[Stored data entries]
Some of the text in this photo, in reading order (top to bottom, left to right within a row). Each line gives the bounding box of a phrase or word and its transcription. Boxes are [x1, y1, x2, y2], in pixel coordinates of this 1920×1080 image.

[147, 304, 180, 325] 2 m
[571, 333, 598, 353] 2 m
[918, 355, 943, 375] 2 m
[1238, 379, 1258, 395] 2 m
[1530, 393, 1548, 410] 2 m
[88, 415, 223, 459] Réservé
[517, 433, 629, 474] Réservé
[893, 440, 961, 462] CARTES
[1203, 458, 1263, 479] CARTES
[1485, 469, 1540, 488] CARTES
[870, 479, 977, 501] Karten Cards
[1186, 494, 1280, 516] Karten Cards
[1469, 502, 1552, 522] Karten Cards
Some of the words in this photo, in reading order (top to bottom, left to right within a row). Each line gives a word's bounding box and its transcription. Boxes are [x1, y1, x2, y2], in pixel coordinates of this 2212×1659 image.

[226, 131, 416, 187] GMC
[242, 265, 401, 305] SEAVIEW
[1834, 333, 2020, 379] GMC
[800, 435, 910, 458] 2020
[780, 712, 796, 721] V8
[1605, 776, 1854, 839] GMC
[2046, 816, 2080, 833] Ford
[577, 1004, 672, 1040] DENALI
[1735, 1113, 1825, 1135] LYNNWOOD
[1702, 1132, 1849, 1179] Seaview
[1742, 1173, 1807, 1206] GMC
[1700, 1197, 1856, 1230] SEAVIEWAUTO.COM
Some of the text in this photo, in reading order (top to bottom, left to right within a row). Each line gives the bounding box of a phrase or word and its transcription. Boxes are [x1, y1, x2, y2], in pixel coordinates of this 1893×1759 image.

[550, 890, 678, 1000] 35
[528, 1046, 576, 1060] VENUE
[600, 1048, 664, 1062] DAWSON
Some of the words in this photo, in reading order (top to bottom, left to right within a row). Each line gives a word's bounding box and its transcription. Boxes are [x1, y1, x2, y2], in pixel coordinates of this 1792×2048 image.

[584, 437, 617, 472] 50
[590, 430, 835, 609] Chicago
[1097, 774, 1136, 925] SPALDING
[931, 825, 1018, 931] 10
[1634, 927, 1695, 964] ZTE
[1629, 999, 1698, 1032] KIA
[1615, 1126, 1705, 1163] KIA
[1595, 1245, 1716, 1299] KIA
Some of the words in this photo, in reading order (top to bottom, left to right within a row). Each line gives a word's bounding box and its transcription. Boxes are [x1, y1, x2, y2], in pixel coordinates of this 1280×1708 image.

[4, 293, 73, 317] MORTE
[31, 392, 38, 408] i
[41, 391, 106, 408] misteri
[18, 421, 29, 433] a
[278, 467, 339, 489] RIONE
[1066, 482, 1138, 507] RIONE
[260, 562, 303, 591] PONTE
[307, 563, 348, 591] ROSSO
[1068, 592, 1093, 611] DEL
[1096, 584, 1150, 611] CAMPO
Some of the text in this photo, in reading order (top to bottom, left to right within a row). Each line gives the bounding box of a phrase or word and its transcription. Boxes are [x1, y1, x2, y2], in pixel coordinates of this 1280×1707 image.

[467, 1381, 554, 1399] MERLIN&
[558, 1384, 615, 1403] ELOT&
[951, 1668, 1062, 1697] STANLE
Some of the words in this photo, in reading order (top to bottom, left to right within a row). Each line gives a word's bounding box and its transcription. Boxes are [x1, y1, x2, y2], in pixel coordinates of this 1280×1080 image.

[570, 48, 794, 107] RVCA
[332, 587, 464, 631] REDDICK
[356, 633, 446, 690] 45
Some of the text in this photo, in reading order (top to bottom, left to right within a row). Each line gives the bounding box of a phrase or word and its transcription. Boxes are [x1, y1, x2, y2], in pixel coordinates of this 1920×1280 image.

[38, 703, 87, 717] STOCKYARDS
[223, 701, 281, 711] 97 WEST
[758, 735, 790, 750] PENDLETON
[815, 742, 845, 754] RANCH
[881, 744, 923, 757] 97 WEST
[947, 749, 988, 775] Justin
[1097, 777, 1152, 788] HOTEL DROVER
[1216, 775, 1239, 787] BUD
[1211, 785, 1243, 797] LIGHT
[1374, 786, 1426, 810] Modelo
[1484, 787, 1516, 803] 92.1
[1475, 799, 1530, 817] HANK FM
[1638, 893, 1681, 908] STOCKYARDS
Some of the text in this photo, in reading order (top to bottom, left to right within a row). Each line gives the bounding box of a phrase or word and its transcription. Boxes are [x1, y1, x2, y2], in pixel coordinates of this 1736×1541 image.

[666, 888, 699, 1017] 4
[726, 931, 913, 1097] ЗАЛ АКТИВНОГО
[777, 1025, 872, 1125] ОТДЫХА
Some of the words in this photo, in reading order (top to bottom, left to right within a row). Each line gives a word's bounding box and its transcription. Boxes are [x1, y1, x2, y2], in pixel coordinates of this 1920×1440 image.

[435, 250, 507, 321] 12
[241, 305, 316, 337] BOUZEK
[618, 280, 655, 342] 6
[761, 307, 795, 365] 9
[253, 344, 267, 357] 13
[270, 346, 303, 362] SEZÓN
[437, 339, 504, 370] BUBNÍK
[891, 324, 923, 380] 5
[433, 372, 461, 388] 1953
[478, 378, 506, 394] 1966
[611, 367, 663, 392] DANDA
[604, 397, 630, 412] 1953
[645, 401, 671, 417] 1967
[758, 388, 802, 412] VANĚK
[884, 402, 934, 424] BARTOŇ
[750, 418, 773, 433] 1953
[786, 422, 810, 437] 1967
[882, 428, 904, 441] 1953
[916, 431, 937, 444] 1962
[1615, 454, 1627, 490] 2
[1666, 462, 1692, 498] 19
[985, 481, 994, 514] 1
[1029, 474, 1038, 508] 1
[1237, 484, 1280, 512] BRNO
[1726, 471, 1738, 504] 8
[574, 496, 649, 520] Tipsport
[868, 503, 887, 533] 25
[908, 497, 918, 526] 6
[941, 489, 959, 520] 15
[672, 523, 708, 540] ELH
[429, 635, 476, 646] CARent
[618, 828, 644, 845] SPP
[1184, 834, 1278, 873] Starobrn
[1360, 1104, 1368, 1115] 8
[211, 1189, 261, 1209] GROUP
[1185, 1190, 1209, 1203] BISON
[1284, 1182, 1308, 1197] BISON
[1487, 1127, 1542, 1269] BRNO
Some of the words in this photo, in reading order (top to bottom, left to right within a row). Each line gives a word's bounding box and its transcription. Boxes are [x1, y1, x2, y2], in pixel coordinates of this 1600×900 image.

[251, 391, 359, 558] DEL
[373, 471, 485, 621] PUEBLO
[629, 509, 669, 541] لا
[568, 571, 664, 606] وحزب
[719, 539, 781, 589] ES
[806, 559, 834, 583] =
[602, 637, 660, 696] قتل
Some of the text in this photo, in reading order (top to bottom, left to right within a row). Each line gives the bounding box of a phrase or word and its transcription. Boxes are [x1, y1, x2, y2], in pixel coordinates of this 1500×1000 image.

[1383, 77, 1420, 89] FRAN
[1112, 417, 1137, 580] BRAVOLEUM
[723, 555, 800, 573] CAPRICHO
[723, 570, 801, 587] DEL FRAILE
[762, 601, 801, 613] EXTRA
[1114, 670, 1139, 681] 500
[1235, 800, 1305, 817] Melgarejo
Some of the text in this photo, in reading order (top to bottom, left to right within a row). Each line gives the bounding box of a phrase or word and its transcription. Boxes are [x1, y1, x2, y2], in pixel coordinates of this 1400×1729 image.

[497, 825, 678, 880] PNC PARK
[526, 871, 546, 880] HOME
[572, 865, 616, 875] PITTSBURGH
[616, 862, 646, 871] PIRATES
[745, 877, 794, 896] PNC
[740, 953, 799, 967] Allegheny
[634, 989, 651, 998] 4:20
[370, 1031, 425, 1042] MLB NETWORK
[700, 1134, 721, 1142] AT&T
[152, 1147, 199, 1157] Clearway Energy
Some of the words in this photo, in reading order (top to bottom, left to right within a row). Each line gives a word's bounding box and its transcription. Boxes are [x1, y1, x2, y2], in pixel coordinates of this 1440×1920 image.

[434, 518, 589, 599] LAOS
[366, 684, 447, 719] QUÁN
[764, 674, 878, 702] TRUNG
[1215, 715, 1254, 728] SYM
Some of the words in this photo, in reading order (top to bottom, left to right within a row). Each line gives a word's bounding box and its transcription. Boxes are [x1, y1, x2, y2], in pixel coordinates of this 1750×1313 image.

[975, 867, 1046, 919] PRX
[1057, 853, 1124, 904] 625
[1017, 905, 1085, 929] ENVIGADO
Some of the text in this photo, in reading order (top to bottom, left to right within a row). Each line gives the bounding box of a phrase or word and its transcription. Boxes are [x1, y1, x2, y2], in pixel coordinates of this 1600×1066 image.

Task objective: Return exactly the line that contains "this 1750×1313 image." and every line after it, through the last line of the records.

Exercise answer:
Some of the words in this photo, in reading order (top to bottom, left to right within a row). Each line gives a word's bounding box and its transcription. Boxes are [x1, y1, x2, y2], in pixel coordinates of this 1750×1313 image.

[975, 867, 1046, 919] PRX
[1057, 853, 1124, 904] 625
[1017, 905, 1085, 929] ENVIGADO
Some of the text in this photo, in reading order (top to bottom, left to right within a row). Each line gives the bounding box of a phrase or word and its transcription. Boxes are [x1, y1, x2, y2], in pixel coordinates of this 1600×1066 image.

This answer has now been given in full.